Apple has clearly anticipated classes of applications that are not compatible with sandboxing. Does that mean they can’t run on Mountain Lion? No. What it really means is that a new versions of a non-sandboxed application can’t live in the Mac App Store. You can make bug fixes to existing non-sandboxed applications, but a new verison or updates that aren’t bug fixes? Nope, no Mac App Store for them.

Is this, as some have painted it, some kind of trend that could cause scads of developers to leave the App Store? Hardly. Again, the number of applications that actually cannot work within sandboxing are small compared to the overall population. The Mac App Store isn’t for them. Should Apple grant, as Harry C. Marks suggested, a “special” license for approved developers like Smile to bypass them? No. The point of security is that exceptions are very rare, and preferably, never issued. Yes, it sucks that a group of really good people like Smile had a product affected by this.

But it was going to happen. If not to them, then to someone else. Security is no longer something that only happens on a firewall. It’s everywhere.

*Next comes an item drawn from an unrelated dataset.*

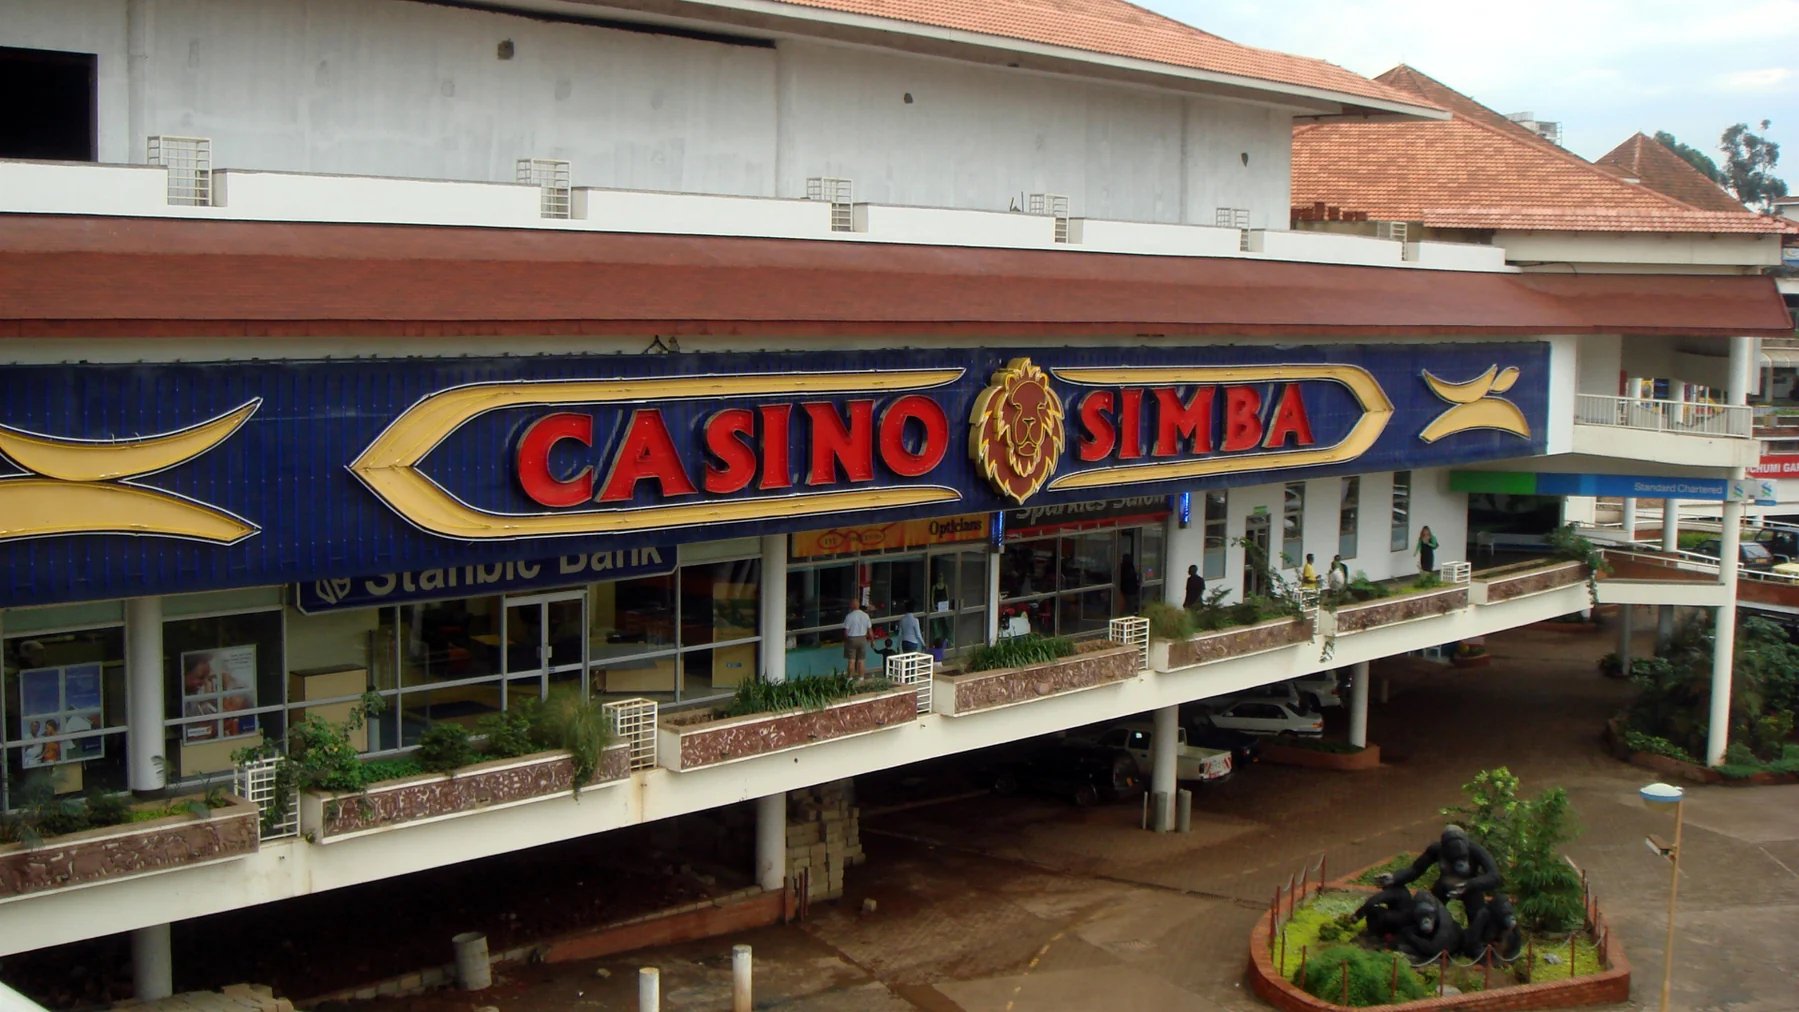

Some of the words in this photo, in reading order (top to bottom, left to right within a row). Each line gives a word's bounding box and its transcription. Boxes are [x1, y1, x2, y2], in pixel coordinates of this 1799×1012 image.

Sandboxing is an important part of overall improved security without things like unusable passwords, anti-malware scanners, and the like. Sandboxing is something that protects people who don’t know how this stuff works or why. It’s for people like my father-in-law, who is a friggin’ genius at things like building houses, but doesn’t want to have to care about his computer. He just wants stuff to work, and if he can get that and never have to pay Symantec or Sophos another dime in his life, he’ll be just fine with that.

This is not Apple giving Smile the middle finger. This is Apple saying “If you want to be in the Mac App Store, you have to play well with sandboxing. If you don’t, you can still be on the Mac; OS X is not iOS. But you can’t be in our store.”

Apple is doing this for the huge number of Mac users who will never get on a Mac blog, or website, or ever comment about any of this. They’re doing it for the vast majority of their customers who just want stuff to work, be safe, and trust the Mac App Store to be a source of safe applications. Unfortunately, security is pain. The more security you have, the more pain you have. That expectation of safety means that there are kinds of Apps that simply can’t be in the Mac App Store.

For edge case applications like TextExpander, the Mac App Store isn’t a place they are compatible with any more. It’s a shame, but it’s not some great OMG, ALL MY APPS ARE TEH DEADZ0R!!!! It’s just the consequences of security becoming more important.